Exercise: Taking the line that contains "this 1436×961 image." as the starting point, give again exactly every line up to and including the last line of the records below.

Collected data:
★ ★ ★ ★
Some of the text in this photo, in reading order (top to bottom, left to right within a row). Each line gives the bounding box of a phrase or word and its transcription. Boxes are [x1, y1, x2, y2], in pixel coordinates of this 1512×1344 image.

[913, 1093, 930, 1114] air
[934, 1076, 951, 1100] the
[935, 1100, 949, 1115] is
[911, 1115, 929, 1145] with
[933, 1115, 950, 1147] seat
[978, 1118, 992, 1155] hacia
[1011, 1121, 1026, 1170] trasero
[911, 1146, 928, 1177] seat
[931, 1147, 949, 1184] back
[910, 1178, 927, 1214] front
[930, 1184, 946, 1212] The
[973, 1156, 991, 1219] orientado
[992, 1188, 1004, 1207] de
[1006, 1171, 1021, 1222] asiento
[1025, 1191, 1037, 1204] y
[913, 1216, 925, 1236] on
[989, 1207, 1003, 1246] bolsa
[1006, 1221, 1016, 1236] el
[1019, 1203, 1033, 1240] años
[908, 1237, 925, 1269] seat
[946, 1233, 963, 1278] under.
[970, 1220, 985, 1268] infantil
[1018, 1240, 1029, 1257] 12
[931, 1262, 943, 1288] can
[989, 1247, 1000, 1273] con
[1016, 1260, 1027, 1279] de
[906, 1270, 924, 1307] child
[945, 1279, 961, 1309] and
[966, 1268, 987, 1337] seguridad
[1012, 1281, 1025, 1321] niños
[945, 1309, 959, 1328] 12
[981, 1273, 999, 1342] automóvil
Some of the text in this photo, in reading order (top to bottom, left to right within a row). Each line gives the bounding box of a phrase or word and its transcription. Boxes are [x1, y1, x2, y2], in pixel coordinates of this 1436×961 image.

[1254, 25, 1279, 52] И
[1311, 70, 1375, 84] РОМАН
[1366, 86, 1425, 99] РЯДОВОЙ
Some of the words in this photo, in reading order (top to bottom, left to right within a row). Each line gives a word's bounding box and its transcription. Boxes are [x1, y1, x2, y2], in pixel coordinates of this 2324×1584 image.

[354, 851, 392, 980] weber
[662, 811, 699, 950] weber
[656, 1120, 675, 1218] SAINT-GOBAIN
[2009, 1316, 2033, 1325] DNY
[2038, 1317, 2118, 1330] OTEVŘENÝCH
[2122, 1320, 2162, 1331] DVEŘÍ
★ ★ ★ ★
Result for this task:
Some of the text in this photo, in reading order (top to bottom, left to right within a row). Each line gives the bounding box of a phrase or word and its transcription. Boxes are [x1, y1, x2, y2], in pixel coordinates of this 1436×961 image.

[1254, 25, 1279, 52] И
[1311, 70, 1375, 84] РОМАН
[1366, 86, 1425, 99] РЯДОВОЙ
Some of the words in this photo, in reading order (top to bottom, left to right within a row). Each line gives a word's bounding box and its transcription. Boxes are [x1, y1, x2, y2], in pixel coordinates of this 2324×1584 image.

[354, 851, 392, 980] weber
[662, 811, 699, 950] weber
[656, 1120, 675, 1218] SAINT-GOBAIN
[2009, 1316, 2033, 1325] DNY
[2038, 1317, 2118, 1330] OTEVŘENÝCH
[2122, 1320, 2162, 1331] DVEŘÍ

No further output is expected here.